| Assignment |
If a picture appears among the records, leave it out and set down everything else exactly as it stands.
::: Records for this exercise
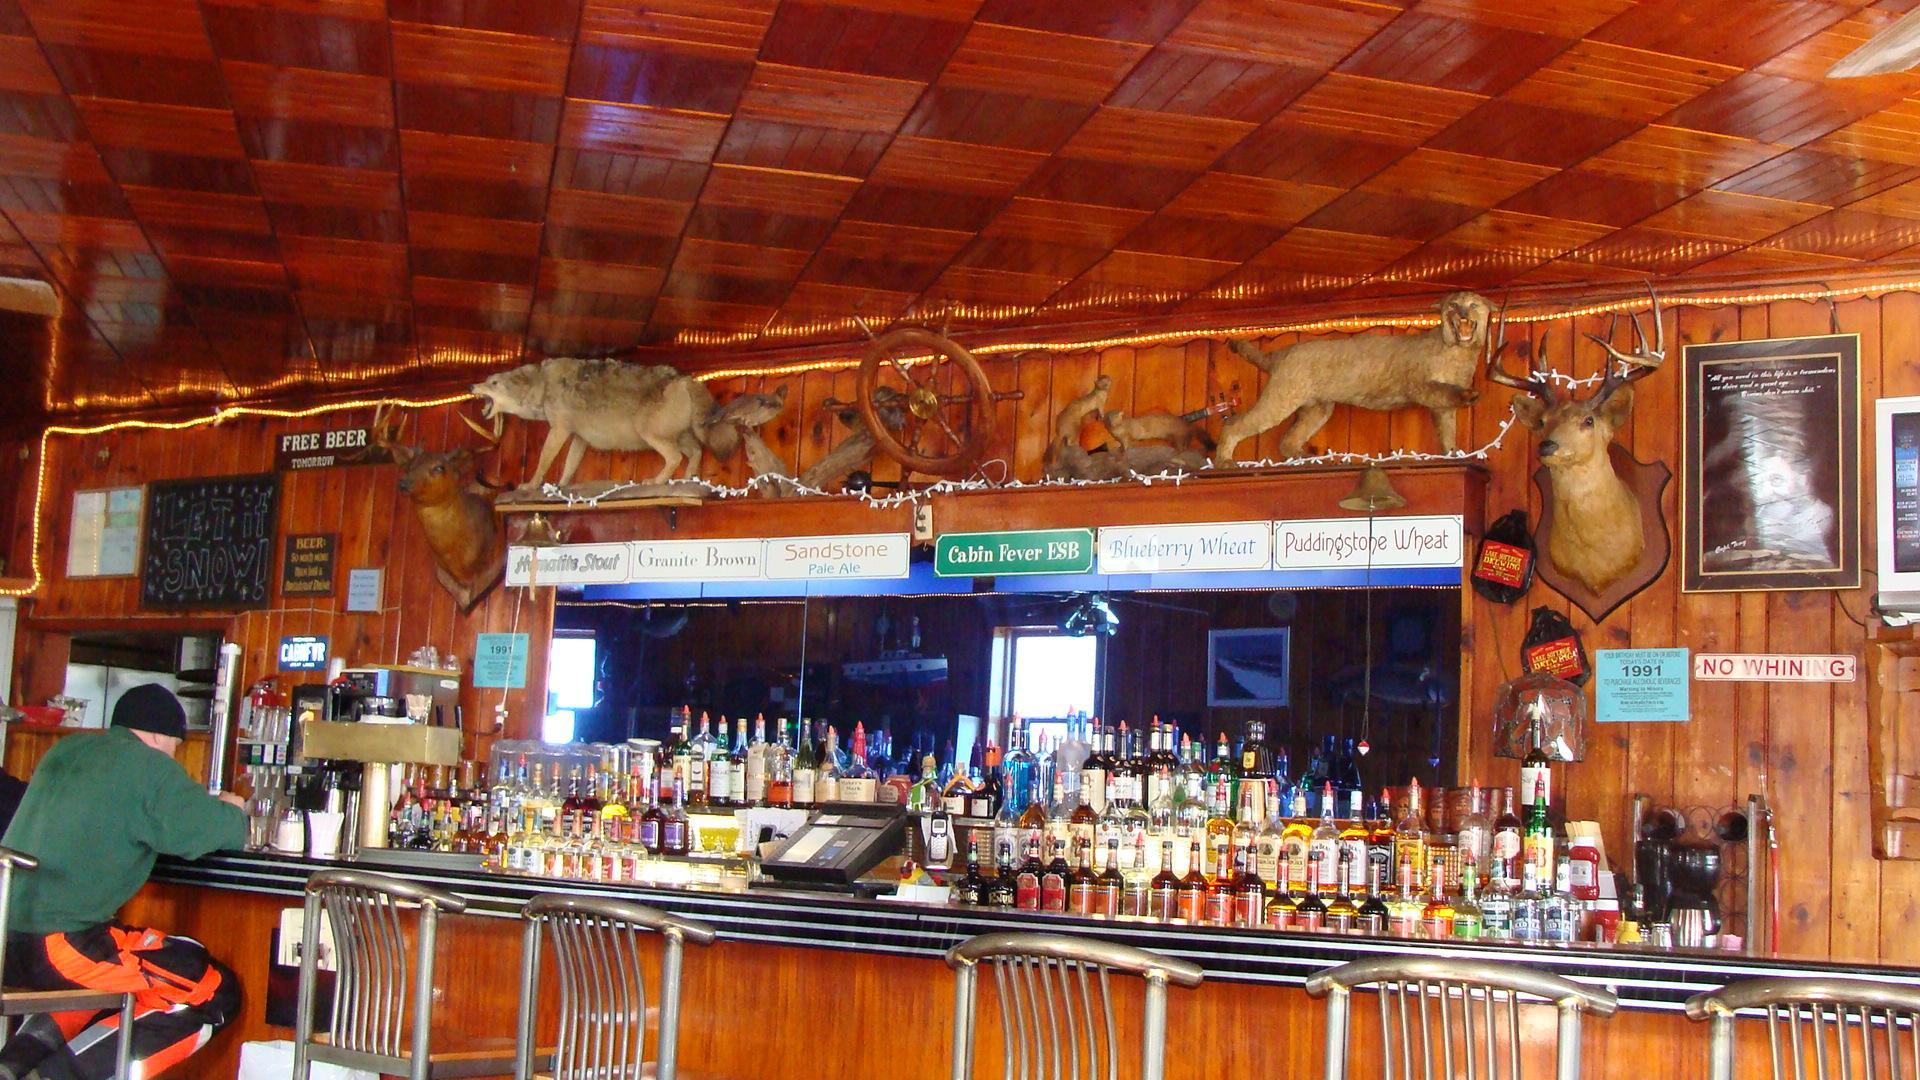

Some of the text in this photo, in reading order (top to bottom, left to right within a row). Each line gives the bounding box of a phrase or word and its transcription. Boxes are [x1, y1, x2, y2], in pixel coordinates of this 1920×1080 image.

[282, 429, 367, 452] FREE BEER
[291, 456, 335, 469] TOMORROW
[162, 495, 234, 541] LET
[948, 541, 1080, 564] Cabin Fever ESB
[1109, 531, 1257, 567] Blueberry Wheat
[1285, 526, 1449, 561] Puddingstone Wheat
[515, 552, 621, 574] Hmatite Stout
[638, 546, 756, 568] Granite Brown
[164, 539, 270, 600] SNOW!
[809, 562, 861, 576] Pale Ale
[491, 645, 512, 654] 1991
[1621, 665, 1662, 677] 1991
[1703, 658, 1846, 677] NO WHINING
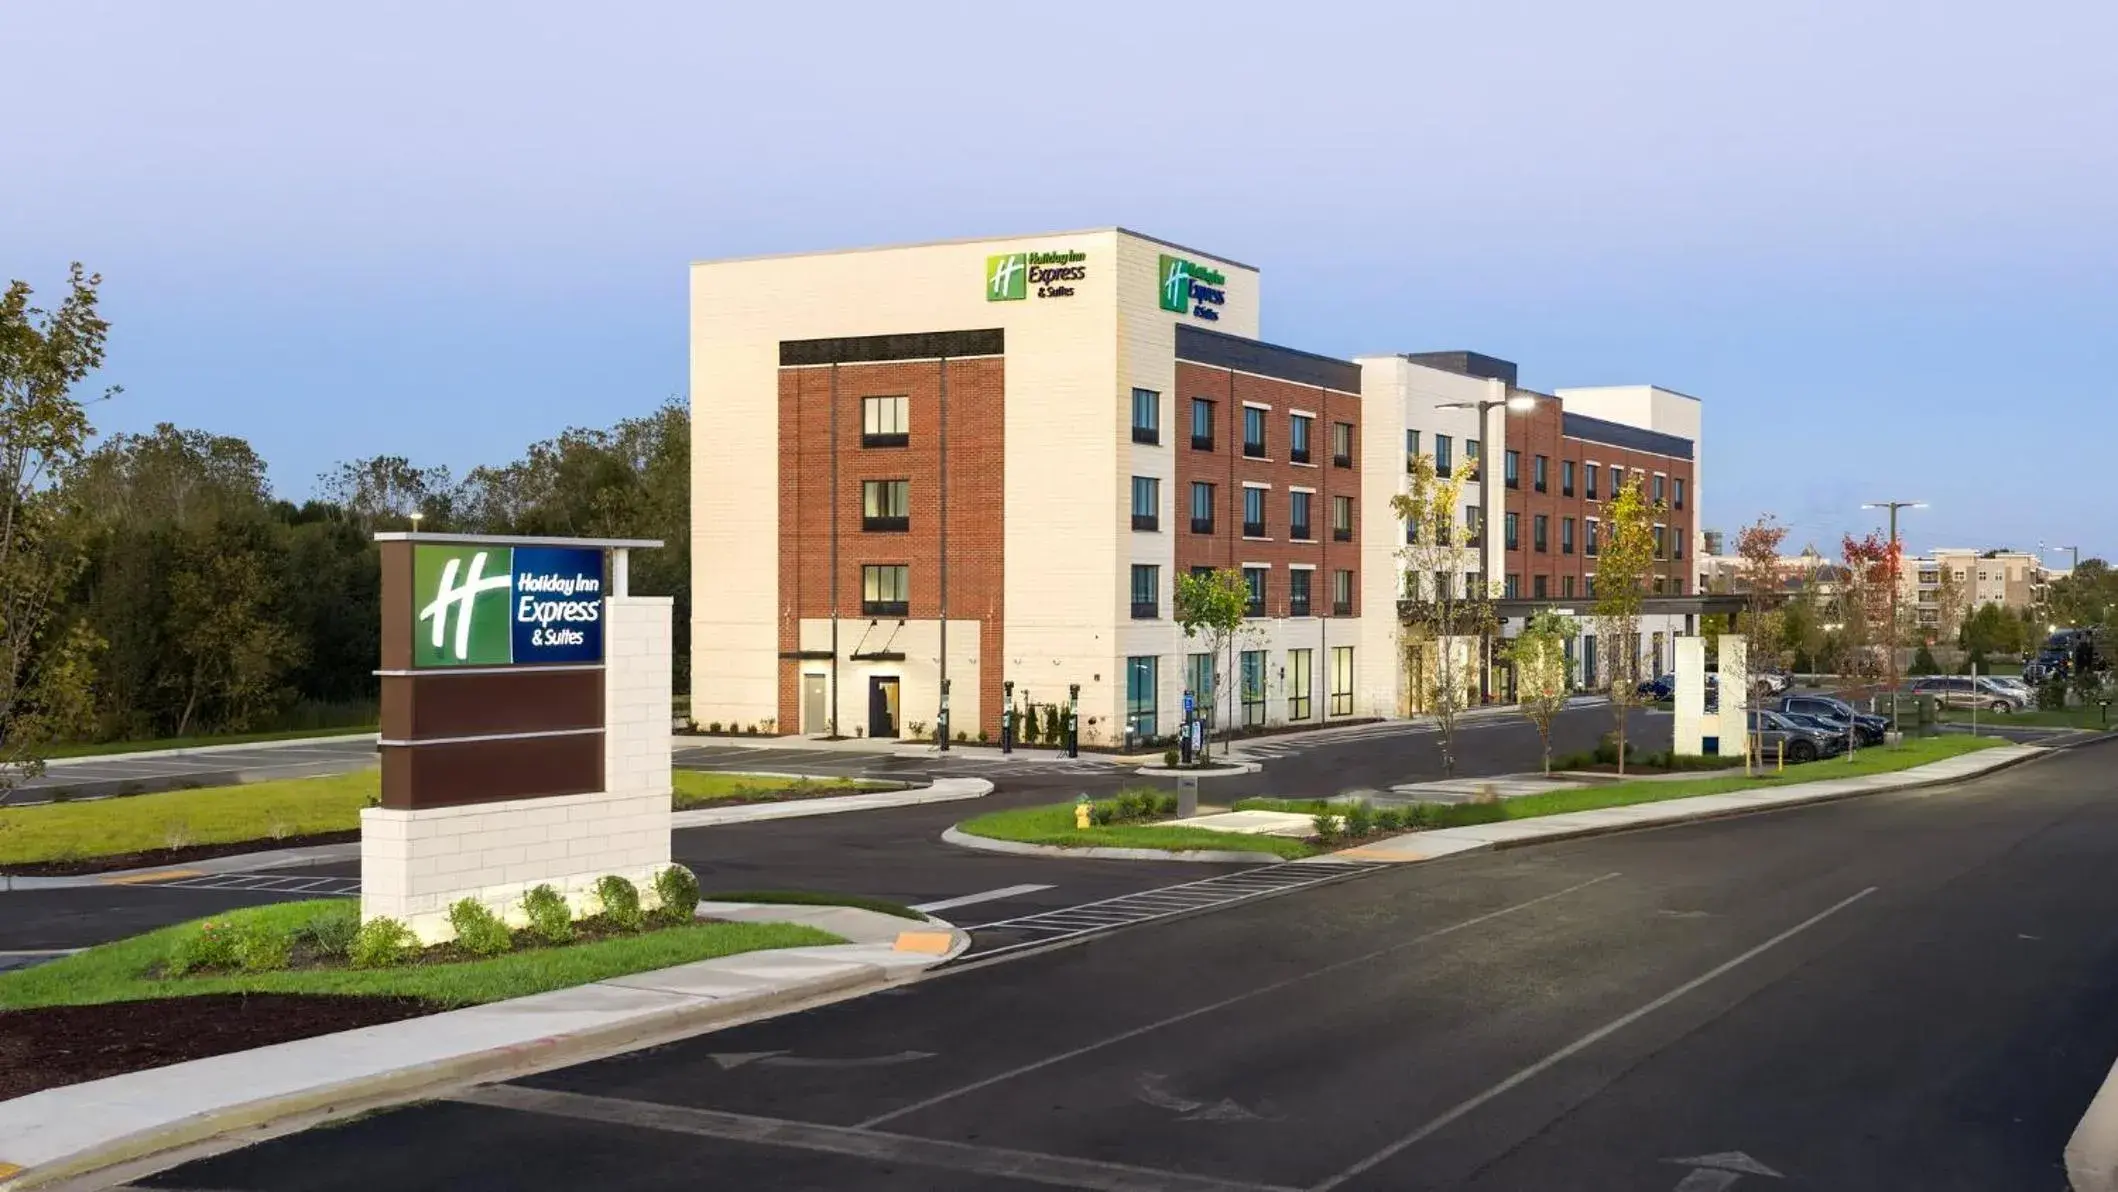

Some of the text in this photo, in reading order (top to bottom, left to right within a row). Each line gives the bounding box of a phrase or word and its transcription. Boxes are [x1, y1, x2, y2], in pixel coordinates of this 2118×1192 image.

[1028, 266, 1086, 285] Express
[1037, 286, 1075, 298] & Suites
[518, 572, 600, 596] Holiday Inn
[518, 595, 599, 628] Express
[531, 628, 584, 646] & Suites
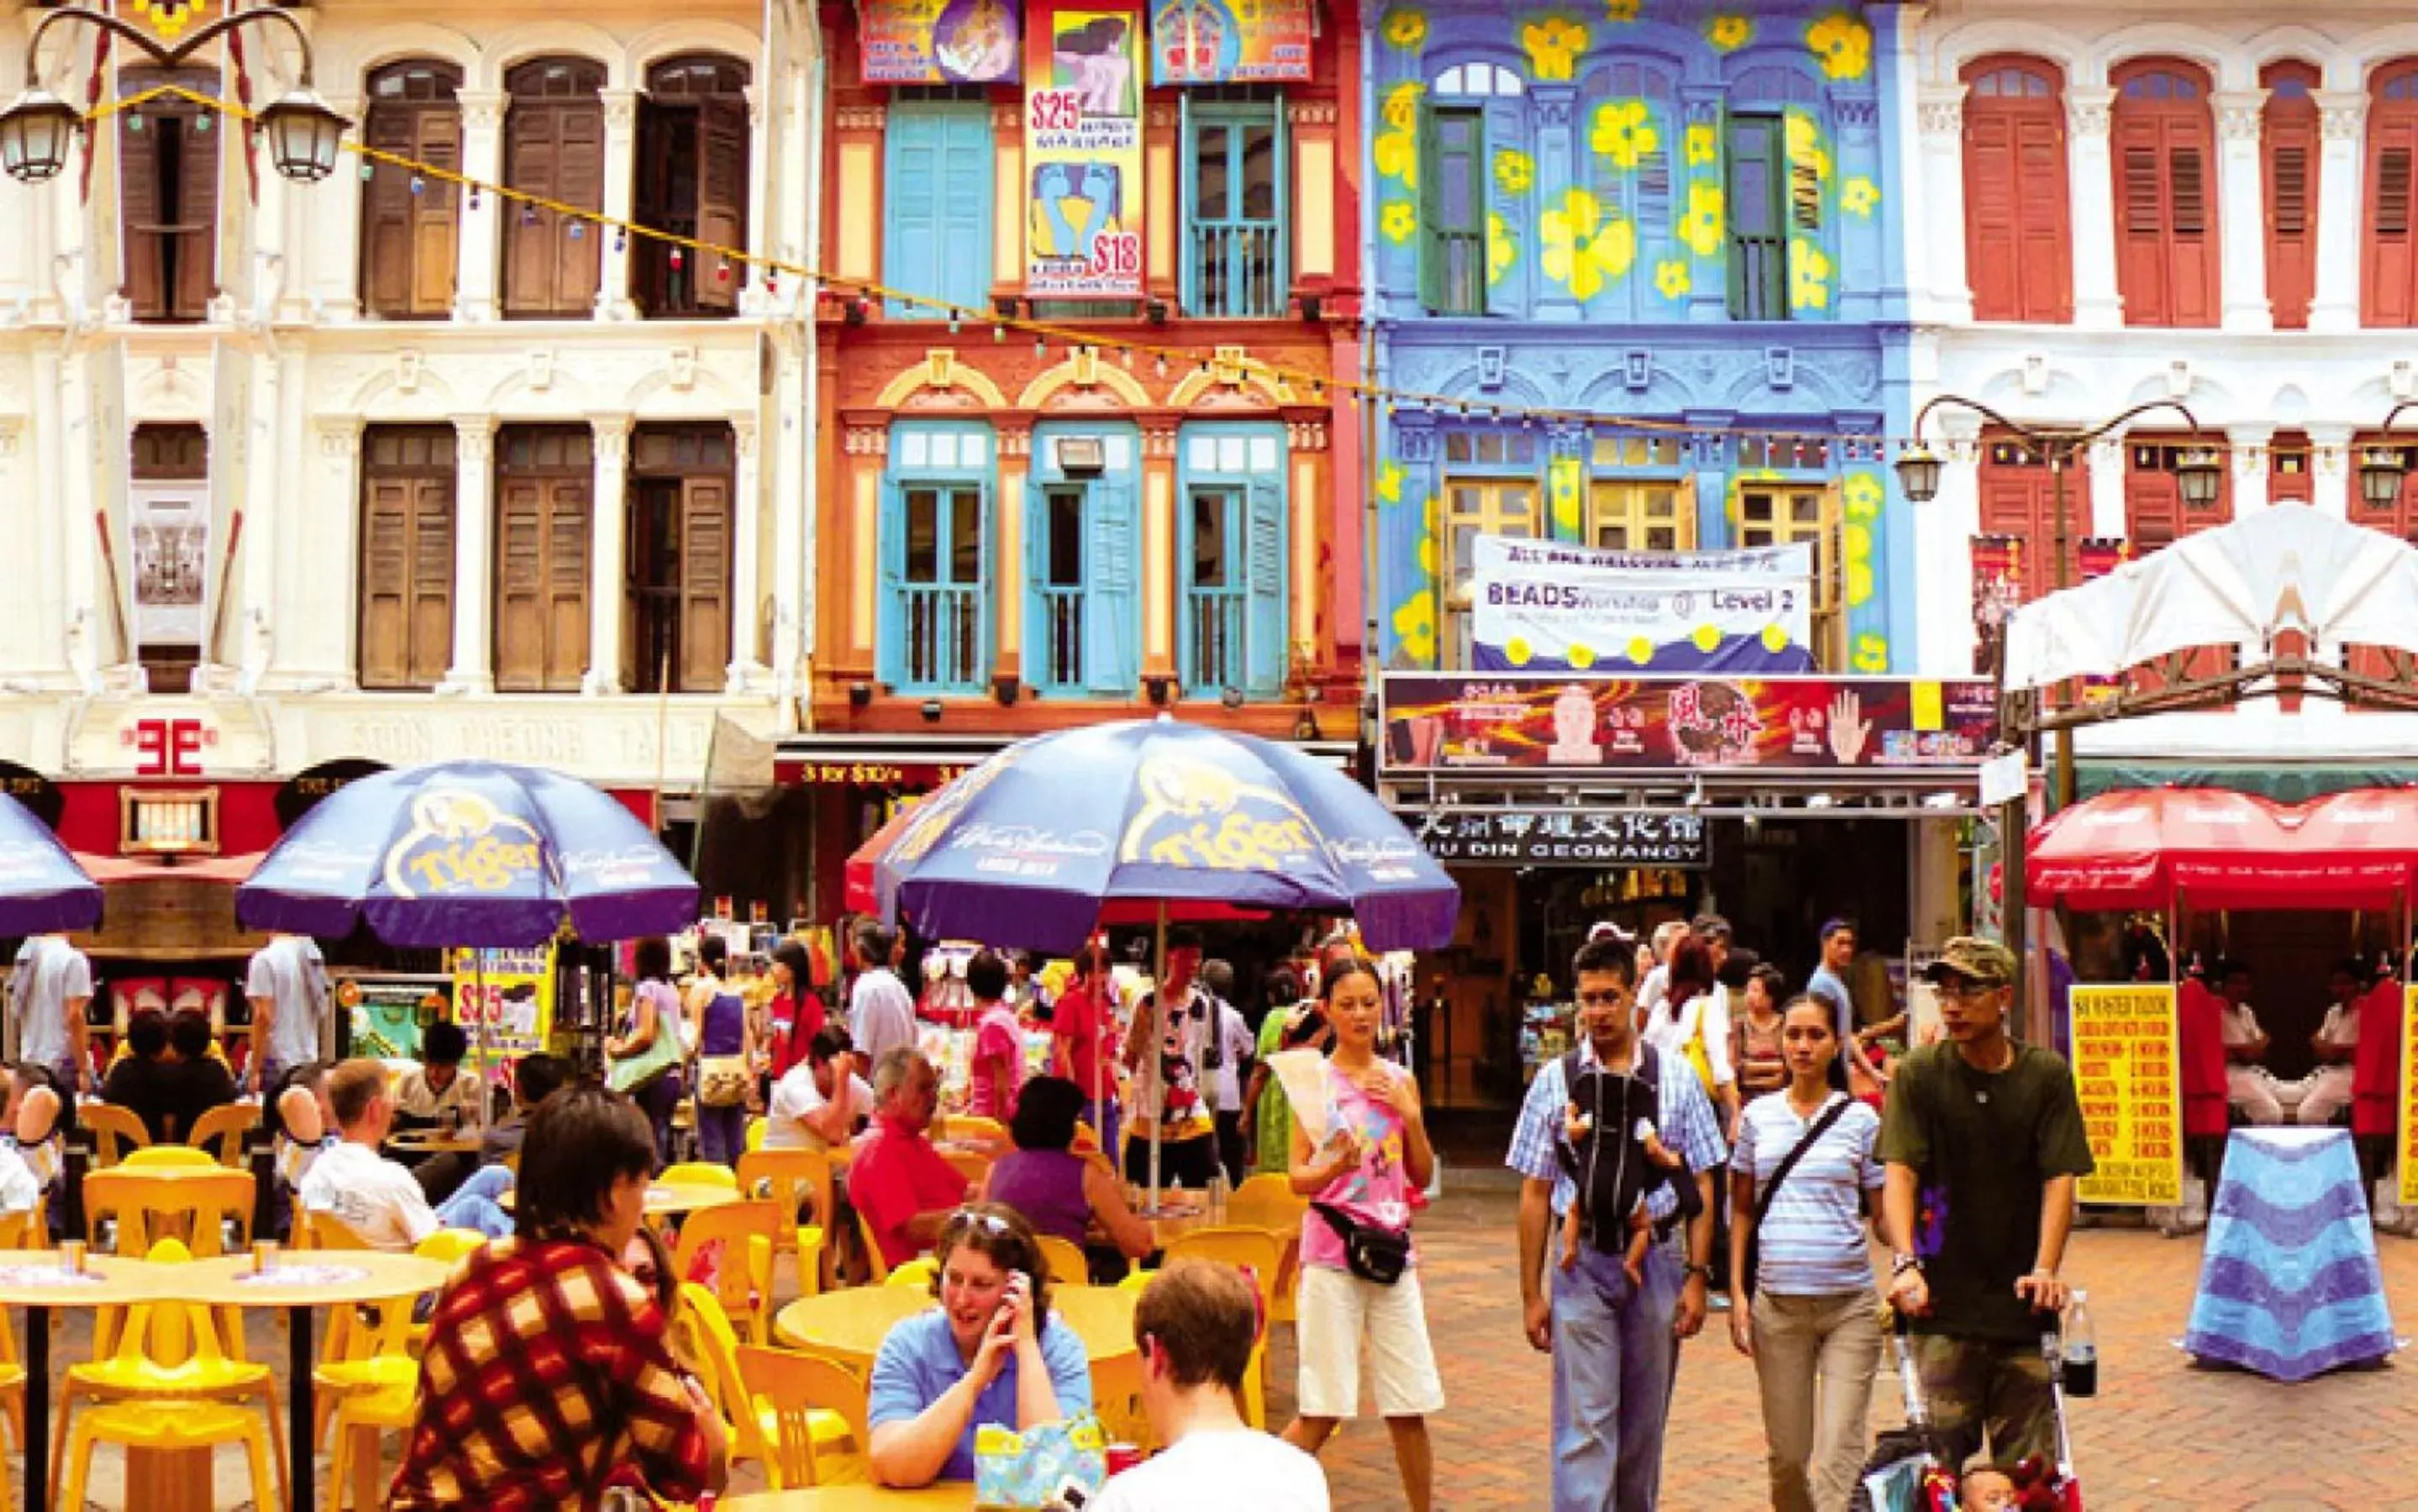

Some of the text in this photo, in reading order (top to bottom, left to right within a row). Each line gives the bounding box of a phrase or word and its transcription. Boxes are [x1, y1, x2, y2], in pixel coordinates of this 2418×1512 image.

[1094, 234, 1138, 274] $18
[1712, 589, 1773, 612] Level
[1782, 589, 1795, 612] 2
[1149, 812, 1316, 871] Tiger
[1470, 842, 1518, 858] DIN
[1530, 843, 1702, 859] GEOMANCY
[410, 836, 540, 890] Tiger
::::::
| Task answer |
Some of the text in this photo, in reading order (top to bottom, left to right within a row). Each line gives the bounding box of a phrase or word and its transcription. Boxes are [x1, y1, x2, y2], in pixel coordinates of this 1920×1080 image.

[282, 429, 367, 452] FREE BEER
[291, 456, 335, 469] TOMORROW
[162, 495, 234, 541] LET
[948, 541, 1080, 564] Cabin Fever ESB
[1109, 531, 1257, 567] Blueberry Wheat
[1285, 526, 1449, 561] Puddingstone Wheat
[515, 552, 621, 574] Hmatite Stout
[638, 546, 756, 568] Granite Brown
[164, 539, 270, 600] SNOW!
[809, 562, 861, 576] Pale Ale
[491, 645, 512, 654] 1991
[1621, 665, 1662, 677] 1991
[1703, 658, 1846, 677] NO WHINING

Some of the text in this photo, in reading order (top to bottom, left to right within a row). Each line gives the bounding box of a phrase or word and its transcription. Boxes are [x1, y1, x2, y2], in pixel coordinates of this 2118×1192 image.

[1028, 266, 1086, 285] Express
[1037, 286, 1075, 298] & Suites
[518, 572, 600, 596] Holiday Inn
[518, 595, 599, 628] Express
[531, 628, 584, 646] & Suites

Some of the text in this photo, in reading order (top to bottom, left to right within a row). Each line gives the bounding box of a phrase or word and its transcription. Boxes are [x1, y1, x2, y2], in pixel coordinates of this 2418×1512 image.

[1094, 234, 1138, 274] $18
[1712, 589, 1773, 612] Level
[1782, 589, 1795, 612] 2
[1149, 812, 1316, 871] Tiger
[1470, 842, 1518, 858] DIN
[1530, 843, 1702, 859] GEOMANCY
[410, 836, 540, 890] Tiger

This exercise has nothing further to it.